── Material provided ──

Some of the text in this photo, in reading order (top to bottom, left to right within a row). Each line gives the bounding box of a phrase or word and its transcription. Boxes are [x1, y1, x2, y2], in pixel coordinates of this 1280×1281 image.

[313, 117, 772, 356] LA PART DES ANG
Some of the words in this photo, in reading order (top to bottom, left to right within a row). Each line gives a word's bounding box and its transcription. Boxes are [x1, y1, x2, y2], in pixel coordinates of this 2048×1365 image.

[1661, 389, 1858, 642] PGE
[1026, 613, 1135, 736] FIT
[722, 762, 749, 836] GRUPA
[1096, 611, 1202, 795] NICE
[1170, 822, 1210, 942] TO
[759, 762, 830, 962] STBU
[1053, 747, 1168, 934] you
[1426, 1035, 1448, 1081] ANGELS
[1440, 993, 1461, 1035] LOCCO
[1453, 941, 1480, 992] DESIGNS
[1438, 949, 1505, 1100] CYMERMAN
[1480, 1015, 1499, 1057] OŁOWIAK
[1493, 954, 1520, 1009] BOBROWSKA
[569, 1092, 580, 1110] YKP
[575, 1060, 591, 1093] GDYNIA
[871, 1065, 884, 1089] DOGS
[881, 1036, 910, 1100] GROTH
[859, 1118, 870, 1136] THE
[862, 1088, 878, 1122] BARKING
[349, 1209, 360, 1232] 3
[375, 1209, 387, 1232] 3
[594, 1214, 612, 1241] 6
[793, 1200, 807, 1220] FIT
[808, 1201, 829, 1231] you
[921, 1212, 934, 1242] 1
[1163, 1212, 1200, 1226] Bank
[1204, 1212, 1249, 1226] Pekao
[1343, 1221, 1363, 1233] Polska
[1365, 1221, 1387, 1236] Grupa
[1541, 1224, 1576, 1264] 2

───

> _Assigned task_
Set down the whole of the data, exactly as it stands.

> _Task solution_
Some of the text in this photo, in reading order (top to bottom, left to right within a row). Each line gives the bounding box of a phrase or word and its transcription. Boxes are [x1, y1, x2, y2], in pixel coordinates of this 1280×1281 image.

[313, 117, 772, 356] LA PART DES ANG
Some of the words in this photo, in reading order (top to bottom, left to right within a row). Each line gives a word's bounding box and its transcription. Boxes are [x1, y1, x2, y2], in pixel coordinates of this 2048×1365 image.

[1661, 389, 1858, 642] PGE
[1026, 613, 1135, 736] FIT
[722, 762, 749, 836] GRUPA
[1096, 611, 1202, 795] NICE
[1170, 822, 1210, 942] TO
[759, 762, 830, 962] STBU
[1053, 747, 1168, 934] you
[1426, 1035, 1448, 1081] ANGELS
[1440, 993, 1461, 1035] LOCCO
[1453, 941, 1480, 992] DESIGNS
[1438, 949, 1505, 1100] CYMERMAN
[1480, 1015, 1499, 1057] OŁOWIAK
[1493, 954, 1520, 1009] BOBROWSKA
[569, 1092, 580, 1110] YKP
[575, 1060, 591, 1093] GDYNIA
[871, 1065, 884, 1089] DOGS
[881, 1036, 910, 1100] GROTH
[859, 1118, 870, 1136] THE
[862, 1088, 878, 1122] BARKING
[349, 1209, 360, 1232] 3
[375, 1209, 387, 1232] 3
[594, 1214, 612, 1241] 6
[793, 1200, 807, 1220] FIT
[808, 1201, 829, 1231] you
[921, 1212, 934, 1242] 1
[1163, 1212, 1200, 1226] Bank
[1204, 1212, 1249, 1226] Pekao
[1343, 1221, 1363, 1233] Polska
[1365, 1221, 1387, 1236] Grupa
[1541, 1224, 1576, 1264] 2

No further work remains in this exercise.